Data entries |
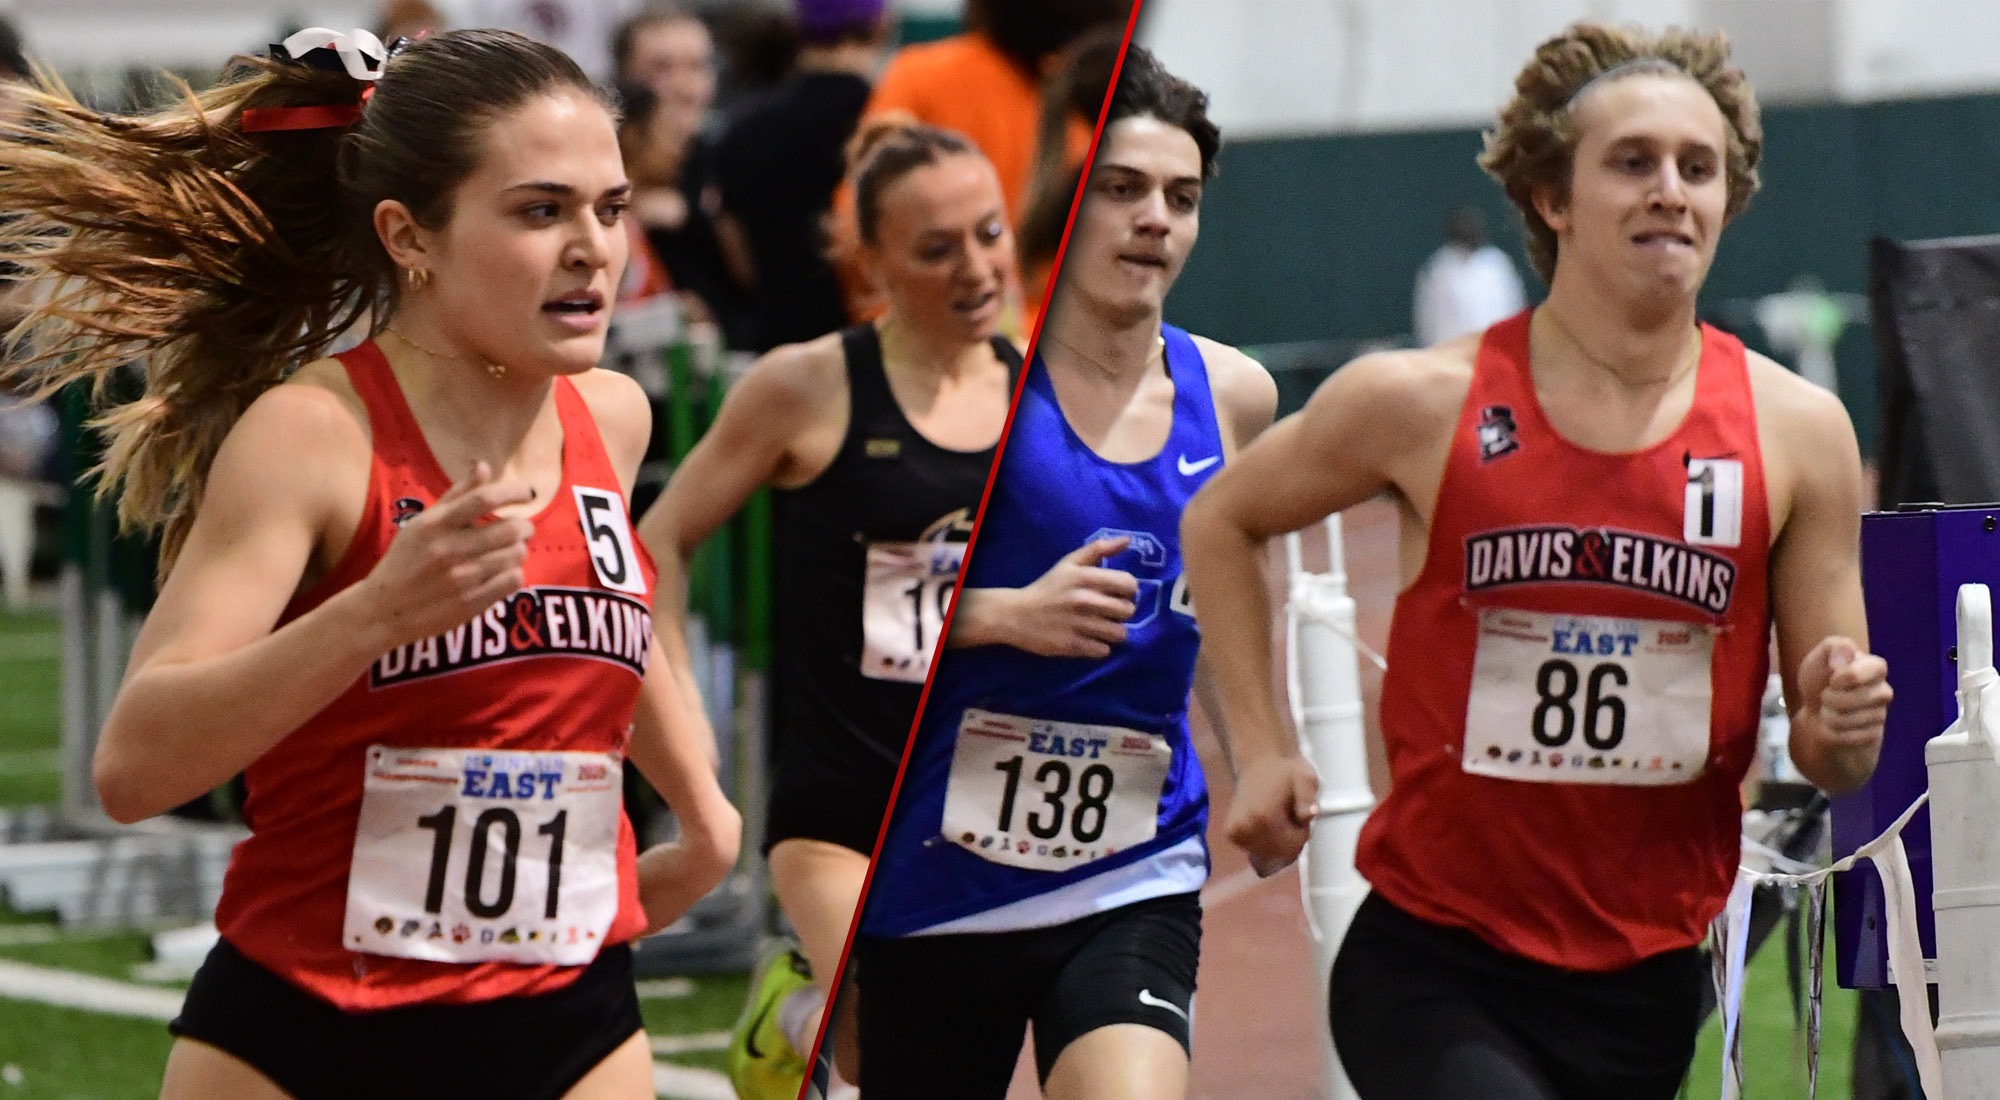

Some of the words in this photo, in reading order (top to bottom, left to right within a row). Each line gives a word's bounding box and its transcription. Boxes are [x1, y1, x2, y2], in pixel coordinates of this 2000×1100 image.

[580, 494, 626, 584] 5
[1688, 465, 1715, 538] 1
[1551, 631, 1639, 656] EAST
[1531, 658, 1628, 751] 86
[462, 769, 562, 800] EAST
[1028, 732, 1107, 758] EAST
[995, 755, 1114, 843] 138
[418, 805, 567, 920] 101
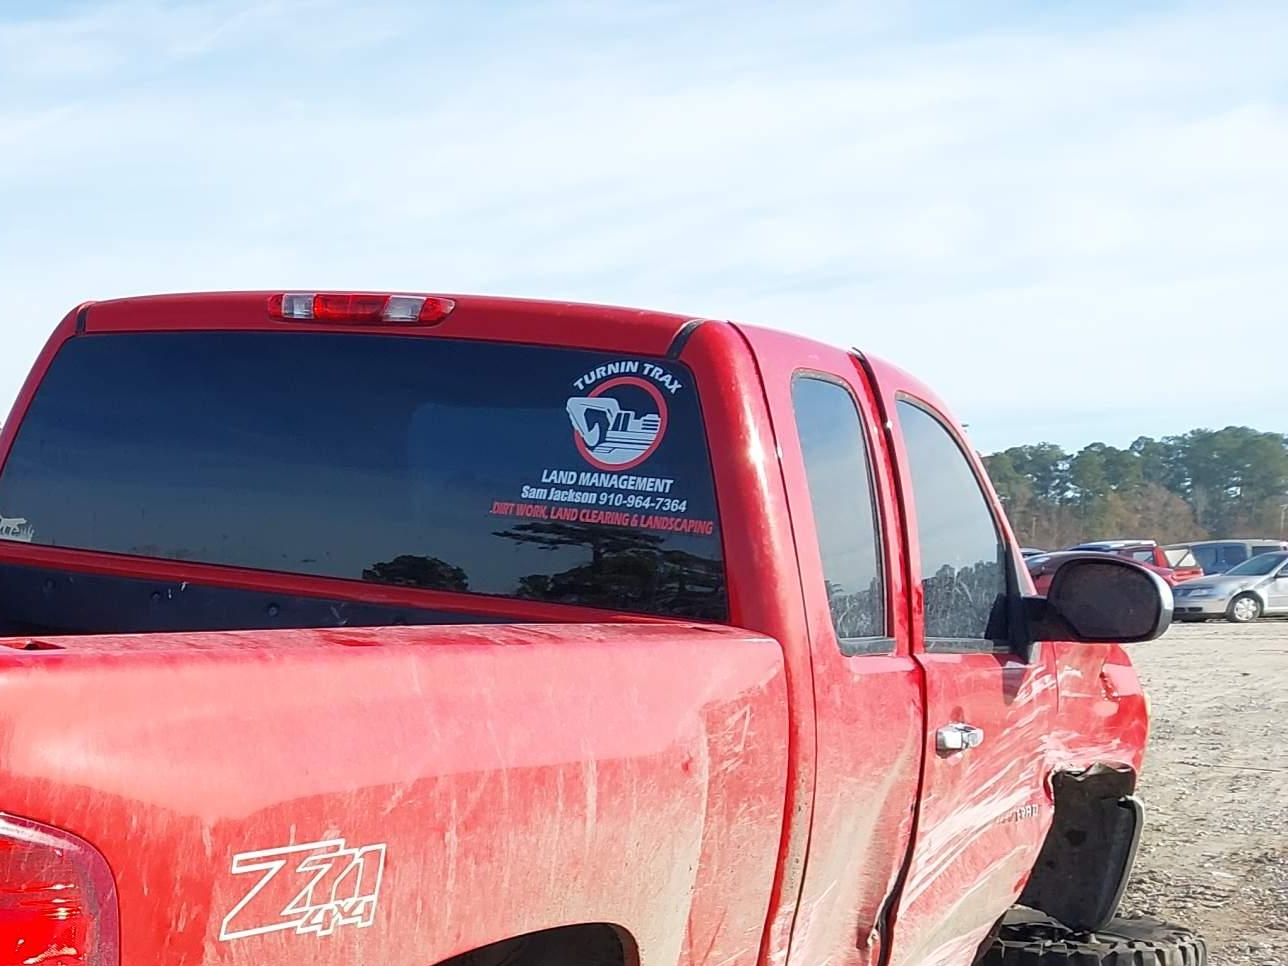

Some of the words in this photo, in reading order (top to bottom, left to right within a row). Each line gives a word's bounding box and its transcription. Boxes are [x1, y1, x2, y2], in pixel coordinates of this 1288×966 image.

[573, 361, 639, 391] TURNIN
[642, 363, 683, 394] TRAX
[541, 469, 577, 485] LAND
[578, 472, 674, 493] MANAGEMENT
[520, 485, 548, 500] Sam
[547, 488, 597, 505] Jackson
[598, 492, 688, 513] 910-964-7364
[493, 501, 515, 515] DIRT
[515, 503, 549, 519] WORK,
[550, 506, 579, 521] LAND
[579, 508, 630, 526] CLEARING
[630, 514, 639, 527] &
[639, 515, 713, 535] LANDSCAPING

Brief | Your task is to repeat the records exactly. Images do not belong in the copy.

Solution to the problem |
Some of the words in this photo, in reading order (top to bottom, left to right within a row). Each line gives a word's bounding box and its transcription. Boxes are [x1, y1, x2, y2], in pixel coordinates of this 2000×1100 image.

[580, 494, 626, 584] 5
[1688, 465, 1715, 538] 1
[1551, 631, 1639, 656] EAST
[1531, 658, 1628, 751] 86
[462, 769, 562, 800] EAST
[1028, 732, 1107, 758] EAST
[995, 755, 1114, 843] 138
[418, 805, 567, 920] 101

Some of the words in this photo, in reading order (top to bottom, left to right within a row). Each line gives a word's bounding box and its transcription. Boxes are [x1, y1, x2, y2], in pixel coordinates of this 1288×966 image.

[573, 361, 639, 391] TURNIN
[642, 363, 683, 394] TRAX
[541, 469, 577, 485] LAND
[578, 472, 674, 493] MANAGEMENT
[520, 485, 548, 500] Sam
[547, 488, 597, 505] Jackson
[598, 492, 688, 513] 910-964-7364
[493, 501, 515, 515] DIRT
[515, 503, 549, 519] WORK,
[550, 506, 579, 521] LAND
[579, 508, 630, 526] CLEARING
[630, 514, 639, 527] &
[639, 515, 713, 535] LANDSCAPING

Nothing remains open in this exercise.